TASK MATERIAL
---

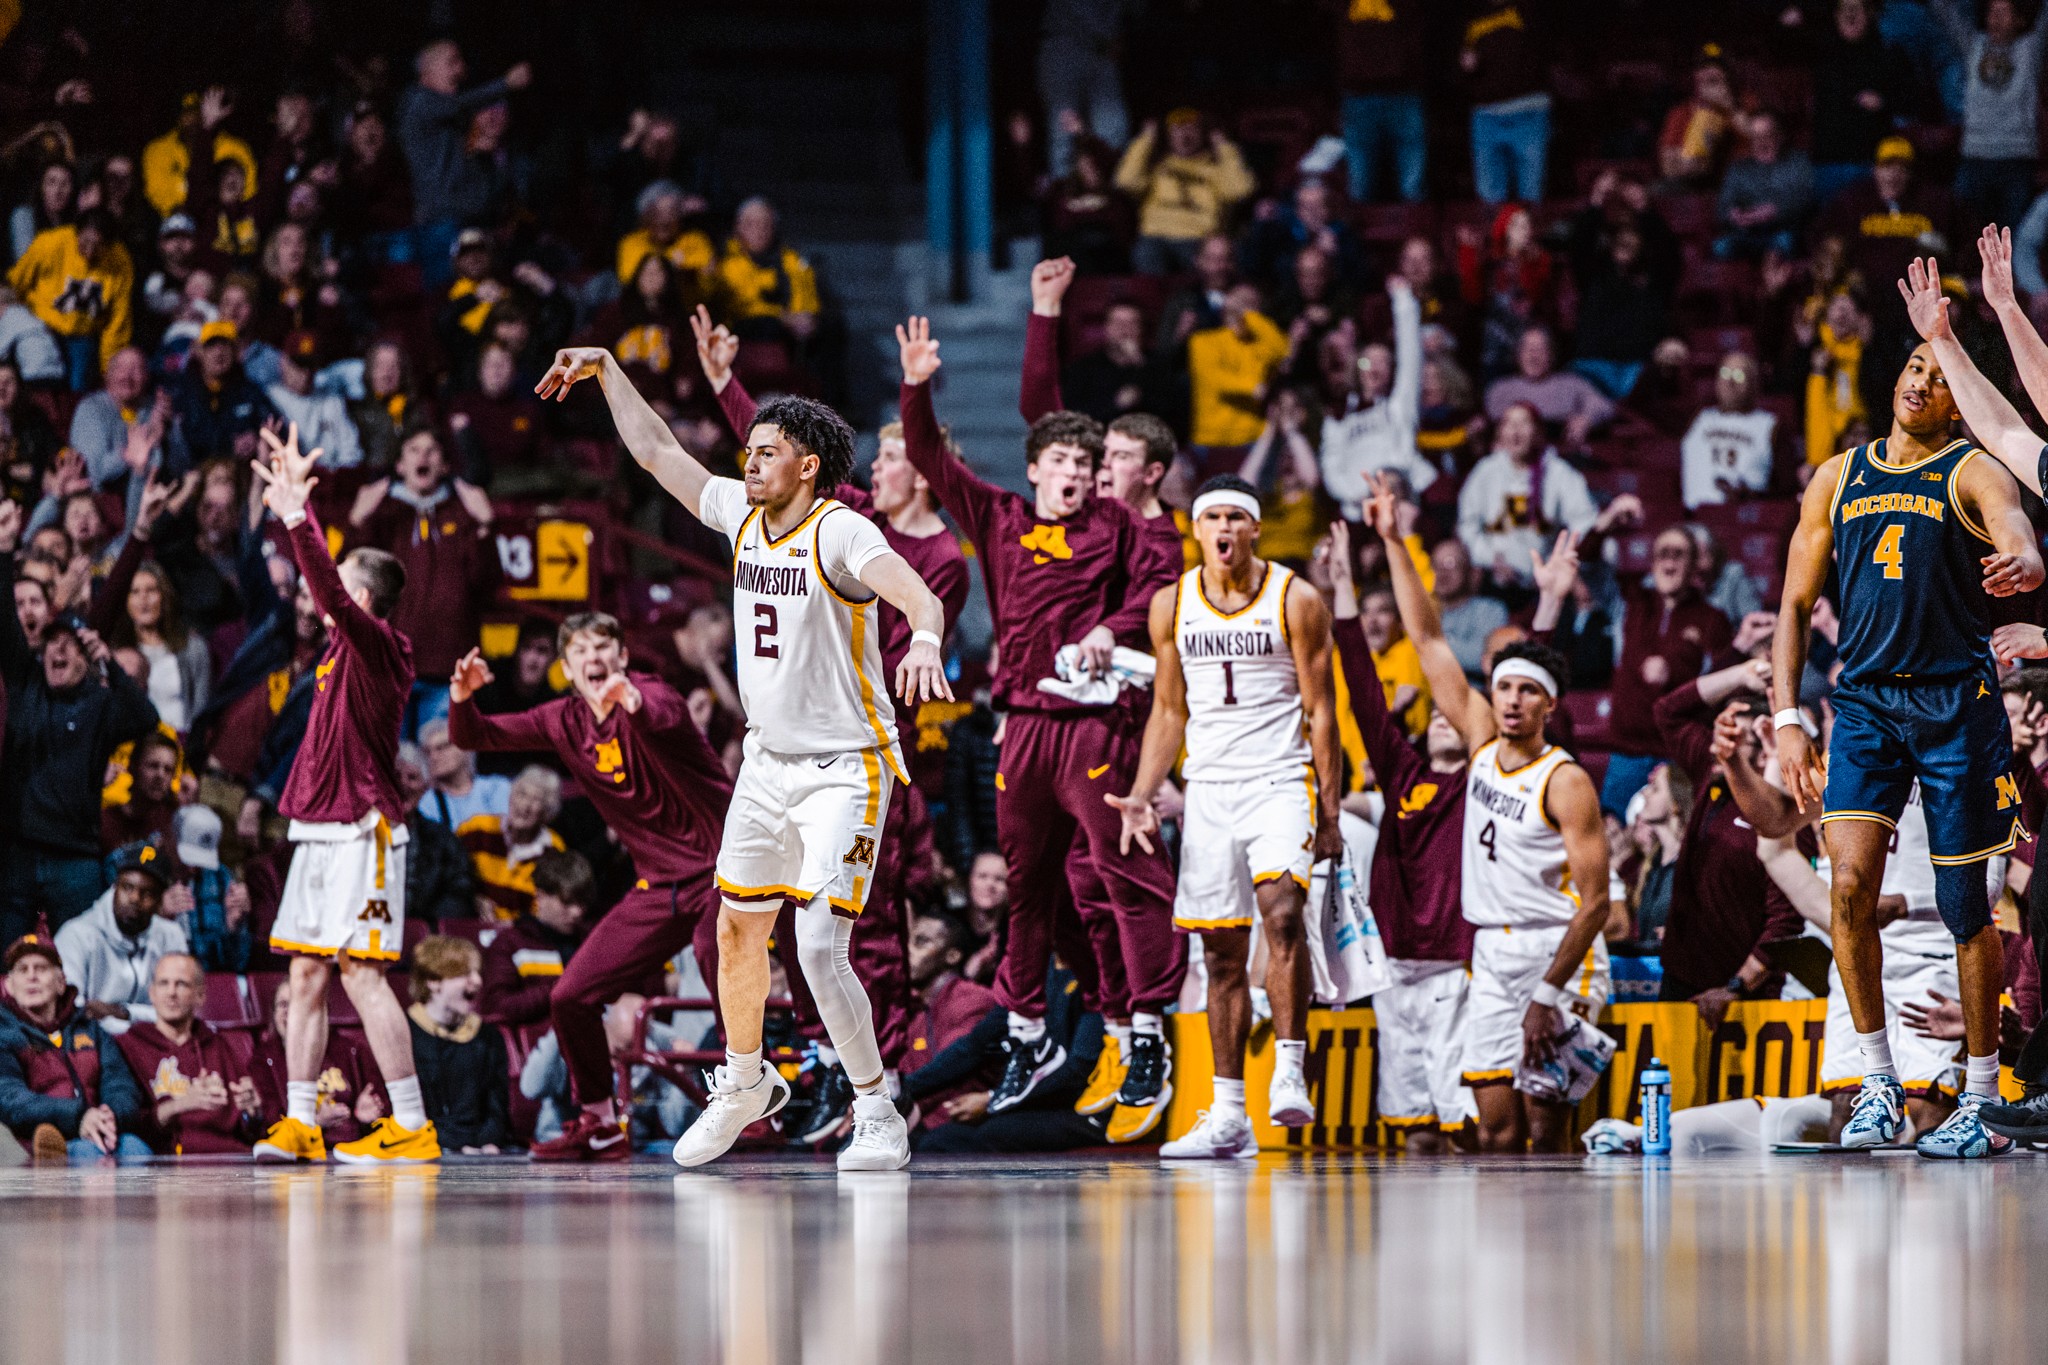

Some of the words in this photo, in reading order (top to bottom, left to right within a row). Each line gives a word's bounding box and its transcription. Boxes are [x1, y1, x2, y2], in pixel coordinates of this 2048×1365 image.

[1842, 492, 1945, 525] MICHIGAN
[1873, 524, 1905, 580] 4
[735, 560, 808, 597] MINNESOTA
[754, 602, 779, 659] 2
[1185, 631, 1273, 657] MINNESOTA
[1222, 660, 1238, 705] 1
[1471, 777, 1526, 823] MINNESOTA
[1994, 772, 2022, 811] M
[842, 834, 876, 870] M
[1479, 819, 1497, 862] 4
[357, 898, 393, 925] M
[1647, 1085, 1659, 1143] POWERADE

---

Repeat every record above exactly, but drop the pictures.

RESPONSE AREA
Some of the words in this photo, in reading order (top to bottom, left to right within a row). Each line gives a word's bounding box and its transcription. Boxes are [x1, y1, x2, y2], in pixel coordinates of this 2048×1365 image.

[1842, 492, 1945, 525] MICHIGAN
[1873, 524, 1905, 580] 4
[735, 560, 808, 597] MINNESOTA
[754, 602, 779, 659] 2
[1185, 631, 1273, 657] MINNESOTA
[1222, 660, 1238, 705] 1
[1471, 777, 1526, 823] MINNESOTA
[1994, 772, 2022, 811] M
[842, 834, 876, 870] M
[1479, 819, 1497, 862] 4
[357, 898, 393, 925] M
[1647, 1085, 1659, 1143] POWERADE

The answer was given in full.